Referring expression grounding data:
########
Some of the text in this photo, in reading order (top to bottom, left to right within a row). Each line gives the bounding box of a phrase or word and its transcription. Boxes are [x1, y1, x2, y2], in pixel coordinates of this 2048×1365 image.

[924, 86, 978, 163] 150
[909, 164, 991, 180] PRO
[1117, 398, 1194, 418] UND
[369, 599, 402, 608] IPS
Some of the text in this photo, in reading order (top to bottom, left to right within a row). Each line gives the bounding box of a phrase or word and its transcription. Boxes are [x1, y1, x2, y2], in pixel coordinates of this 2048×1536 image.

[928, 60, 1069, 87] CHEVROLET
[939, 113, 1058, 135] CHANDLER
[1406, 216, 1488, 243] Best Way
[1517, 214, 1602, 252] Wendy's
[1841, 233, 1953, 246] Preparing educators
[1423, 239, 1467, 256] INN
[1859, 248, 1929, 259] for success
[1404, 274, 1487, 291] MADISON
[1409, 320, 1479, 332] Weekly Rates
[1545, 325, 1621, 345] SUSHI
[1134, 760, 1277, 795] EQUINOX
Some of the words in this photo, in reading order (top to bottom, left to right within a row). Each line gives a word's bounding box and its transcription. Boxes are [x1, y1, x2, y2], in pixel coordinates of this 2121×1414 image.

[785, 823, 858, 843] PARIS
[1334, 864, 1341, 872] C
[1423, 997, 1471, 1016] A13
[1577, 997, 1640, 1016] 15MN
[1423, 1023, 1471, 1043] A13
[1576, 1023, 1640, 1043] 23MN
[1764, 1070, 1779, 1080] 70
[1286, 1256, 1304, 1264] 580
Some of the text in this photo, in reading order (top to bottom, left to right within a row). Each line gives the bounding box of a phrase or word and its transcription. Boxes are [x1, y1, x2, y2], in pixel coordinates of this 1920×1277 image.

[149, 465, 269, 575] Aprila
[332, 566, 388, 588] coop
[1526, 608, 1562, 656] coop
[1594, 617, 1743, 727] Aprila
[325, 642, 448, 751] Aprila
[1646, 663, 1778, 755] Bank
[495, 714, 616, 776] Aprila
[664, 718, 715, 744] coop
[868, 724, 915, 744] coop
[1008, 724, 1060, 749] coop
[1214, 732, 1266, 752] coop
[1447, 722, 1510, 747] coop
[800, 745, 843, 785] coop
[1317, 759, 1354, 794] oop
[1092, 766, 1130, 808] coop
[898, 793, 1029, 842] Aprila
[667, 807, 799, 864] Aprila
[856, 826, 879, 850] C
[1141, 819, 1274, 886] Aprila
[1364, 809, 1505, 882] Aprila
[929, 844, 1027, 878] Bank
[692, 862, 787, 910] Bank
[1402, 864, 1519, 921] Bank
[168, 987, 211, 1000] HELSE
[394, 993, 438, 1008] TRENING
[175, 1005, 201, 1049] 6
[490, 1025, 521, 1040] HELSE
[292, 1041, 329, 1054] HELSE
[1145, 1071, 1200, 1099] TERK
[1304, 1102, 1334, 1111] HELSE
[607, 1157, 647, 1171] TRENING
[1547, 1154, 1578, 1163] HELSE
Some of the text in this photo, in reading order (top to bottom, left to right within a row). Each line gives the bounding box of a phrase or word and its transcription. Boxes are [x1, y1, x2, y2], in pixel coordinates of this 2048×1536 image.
########
# What you need to do
An exact copy of every record is needed, so retype them all.

# Answer space
Some of the text in this photo, in reading order (top to bottom, left to right within a row). Each line gives the bounding box of a phrase or word and its transcription. Boxes are [x1, y1, x2, y2], in pixel coordinates of this 2048×1365 image.

[924, 86, 978, 163] 150
[909, 164, 991, 180] PRO
[1117, 398, 1194, 418] UND
[369, 599, 402, 608] IPS
Some of the text in this photo, in reading order (top to bottom, left to right within a row). Each line gives the bounding box of a phrase or word and its transcription. Boxes are [x1, y1, x2, y2], in pixel coordinates of this 2048×1536 image.

[928, 60, 1069, 87] CHEVROLET
[939, 113, 1058, 135] CHANDLER
[1406, 216, 1488, 243] Best Way
[1517, 214, 1602, 252] Wendy's
[1841, 233, 1953, 246] Preparing educators
[1423, 239, 1467, 256] INN
[1859, 248, 1929, 259] for success
[1404, 274, 1487, 291] MADISON
[1409, 320, 1479, 332] Weekly Rates
[1545, 325, 1621, 345] SUSHI
[1134, 760, 1277, 795] EQUINOX
Some of the words in this photo, in reading order (top to bottom, left to right within a row). Each line gives a word's bounding box and its transcription. Boxes are [x1, y1, x2, y2], in pixel coordinates of this 2121×1414 image.

[785, 823, 858, 843] PARIS
[1334, 864, 1341, 872] C
[1423, 997, 1471, 1016] A13
[1577, 997, 1640, 1016] 15MN
[1423, 1023, 1471, 1043] A13
[1576, 1023, 1640, 1043] 23MN
[1764, 1070, 1779, 1080] 70
[1286, 1256, 1304, 1264] 580
Some of the text in this photo, in reading order (top to bottom, left to right within a row). Each line gives the bounding box of a phrase or word and its transcription. Boxes are [x1, y1, x2, y2], in pixel coordinates of this 1920×1277 image.

[149, 465, 269, 575] Aprila
[332, 566, 388, 588] coop
[1526, 608, 1562, 656] coop
[1594, 617, 1743, 727] Aprila
[325, 642, 448, 751] Aprila
[1646, 663, 1778, 755] Bank
[495, 714, 616, 776] Aprila
[664, 718, 715, 744] coop
[868, 724, 915, 744] coop
[1008, 724, 1060, 749] coop
[1214, 732, 1266, 752] coop
[1447, 722, 1510, 747] coop
[800, 745, 843, 785] coop
[1317, 759, 1354, 794] oop
[1092, 766, 1130, 808] coop
[898, 793, 1029, 842] Aprila
[667, 807, 799, 864] Aprila
[856, 826, 879, 850] C
[1141, 819, 1274, 886] Aprila
[1364, 809, 1505, 882] Aprila
[929, 844, 1027, 878] Bank
[692, 862, 787, 910] Bank
[1402, 864, 1519, 921] Bank
[168, 987, 211, 1000] HELSE
[394, 993, 438, 1008] TRENING
[175, 1005, 201, 1049] 6
[490, 1025, 521, 1040] HELSE
[292, 1041, 329, 1054] HELSE
[1145, 1071, 1200, 1099] TERK
[1304, 1102, 1334, 1111] HELSE
[607, 1157, 647, 1171] TRENING
[1547, 1154, 1578, 1163] HELSE
Some of the text in this photo, in reading order (top to bottom, left to right within a row). Each line gives the bounding box of a phrase or word and its transcription. Boxes are [x1, y1, x2, y2], in pixel coordinates of this 2048×1536 image.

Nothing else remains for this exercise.